Clearly, for this example, two schemas are needed, one for the RDF and one for the DC namespace. The schemas from the Dublin Core website for handling this stuff (http://dublincore.org/documents/2002/07/31/dcmes-xml/dcmes-dc.xsd and http://dublincore.org/documents/2002/07/31/dcmes-xml/dcmes-rdf.xsd) work perfectly in Oxygen (the XML editor I use) when I compose example files, so they appear to be valid XML. But since they make extensive use of XML's substitution groups, the Castor source generator cannot handle them.

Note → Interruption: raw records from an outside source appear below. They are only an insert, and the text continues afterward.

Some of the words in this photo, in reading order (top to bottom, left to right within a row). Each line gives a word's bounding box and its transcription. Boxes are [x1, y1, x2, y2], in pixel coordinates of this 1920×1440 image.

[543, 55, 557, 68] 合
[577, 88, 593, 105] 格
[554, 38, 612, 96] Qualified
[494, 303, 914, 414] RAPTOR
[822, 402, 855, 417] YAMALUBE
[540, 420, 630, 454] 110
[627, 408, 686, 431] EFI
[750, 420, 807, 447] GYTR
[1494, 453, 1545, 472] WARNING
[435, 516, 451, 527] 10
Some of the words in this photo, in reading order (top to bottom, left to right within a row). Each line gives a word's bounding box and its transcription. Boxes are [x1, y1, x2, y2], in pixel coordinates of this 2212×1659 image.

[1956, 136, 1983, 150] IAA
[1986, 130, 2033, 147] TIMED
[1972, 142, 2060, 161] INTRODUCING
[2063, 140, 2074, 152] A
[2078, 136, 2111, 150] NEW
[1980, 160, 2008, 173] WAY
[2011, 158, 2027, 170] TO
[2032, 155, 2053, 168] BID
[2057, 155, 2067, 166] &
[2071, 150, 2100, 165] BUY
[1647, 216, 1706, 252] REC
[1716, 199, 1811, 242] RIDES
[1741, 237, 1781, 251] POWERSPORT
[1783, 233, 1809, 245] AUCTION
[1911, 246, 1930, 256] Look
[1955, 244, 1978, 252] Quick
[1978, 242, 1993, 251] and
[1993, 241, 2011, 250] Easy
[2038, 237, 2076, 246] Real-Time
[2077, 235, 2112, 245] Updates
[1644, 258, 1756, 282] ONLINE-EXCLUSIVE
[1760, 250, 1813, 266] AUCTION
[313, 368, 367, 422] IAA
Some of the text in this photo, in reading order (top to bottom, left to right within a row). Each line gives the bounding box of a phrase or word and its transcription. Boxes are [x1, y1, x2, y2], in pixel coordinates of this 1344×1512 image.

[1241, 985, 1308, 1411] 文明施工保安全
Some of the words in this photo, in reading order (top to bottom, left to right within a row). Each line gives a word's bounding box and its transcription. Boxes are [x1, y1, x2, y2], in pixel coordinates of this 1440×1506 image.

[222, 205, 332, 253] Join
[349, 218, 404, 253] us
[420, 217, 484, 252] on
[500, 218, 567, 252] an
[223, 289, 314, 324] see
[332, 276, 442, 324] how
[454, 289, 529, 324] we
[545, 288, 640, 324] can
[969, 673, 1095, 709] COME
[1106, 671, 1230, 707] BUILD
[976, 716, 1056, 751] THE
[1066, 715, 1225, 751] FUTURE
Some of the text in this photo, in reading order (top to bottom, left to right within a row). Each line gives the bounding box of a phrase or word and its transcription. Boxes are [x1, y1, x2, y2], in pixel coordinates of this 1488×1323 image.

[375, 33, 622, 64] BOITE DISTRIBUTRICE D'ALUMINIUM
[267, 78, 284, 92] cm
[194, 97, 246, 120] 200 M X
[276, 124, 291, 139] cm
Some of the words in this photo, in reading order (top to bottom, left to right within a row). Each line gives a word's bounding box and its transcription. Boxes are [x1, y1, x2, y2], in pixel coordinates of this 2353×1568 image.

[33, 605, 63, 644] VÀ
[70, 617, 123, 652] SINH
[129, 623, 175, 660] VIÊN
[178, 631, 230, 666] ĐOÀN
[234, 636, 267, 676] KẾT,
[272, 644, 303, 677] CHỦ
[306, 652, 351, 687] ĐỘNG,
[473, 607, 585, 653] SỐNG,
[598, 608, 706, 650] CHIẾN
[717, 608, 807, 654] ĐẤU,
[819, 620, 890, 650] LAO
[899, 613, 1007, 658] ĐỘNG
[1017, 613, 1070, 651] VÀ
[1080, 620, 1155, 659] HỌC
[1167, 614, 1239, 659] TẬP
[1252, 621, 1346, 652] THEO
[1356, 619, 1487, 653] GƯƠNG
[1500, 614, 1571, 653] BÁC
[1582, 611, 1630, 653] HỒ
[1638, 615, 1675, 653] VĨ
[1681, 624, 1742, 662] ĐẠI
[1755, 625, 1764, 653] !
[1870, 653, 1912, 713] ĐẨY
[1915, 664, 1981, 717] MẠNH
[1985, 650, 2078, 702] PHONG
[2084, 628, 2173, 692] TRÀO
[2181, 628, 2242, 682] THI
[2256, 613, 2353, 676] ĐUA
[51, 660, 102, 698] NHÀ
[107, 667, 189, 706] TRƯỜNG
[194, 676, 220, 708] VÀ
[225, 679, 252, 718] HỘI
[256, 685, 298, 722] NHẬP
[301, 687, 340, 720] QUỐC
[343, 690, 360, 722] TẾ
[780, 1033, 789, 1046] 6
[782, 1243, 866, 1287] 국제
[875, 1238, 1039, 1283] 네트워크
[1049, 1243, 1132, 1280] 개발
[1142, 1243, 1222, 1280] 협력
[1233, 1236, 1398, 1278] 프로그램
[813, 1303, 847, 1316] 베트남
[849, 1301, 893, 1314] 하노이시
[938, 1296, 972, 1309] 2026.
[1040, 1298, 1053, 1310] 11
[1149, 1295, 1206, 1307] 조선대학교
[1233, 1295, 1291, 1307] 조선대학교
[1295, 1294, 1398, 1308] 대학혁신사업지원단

I've spent some time trying to produce Castor-friendly schemas equivalent to these official ones. I'm no expert on XML Schema or Castor, but after quite a lot of experimentation I came up with the solution below.

The solution

As a solution, all that speaks for this is that it works. Elegant, it is not. What I wanted to do was define an RDF and a DC schema and only have backwards references from the the DC schema to the RDF one. The way it works out though, each schema references the other.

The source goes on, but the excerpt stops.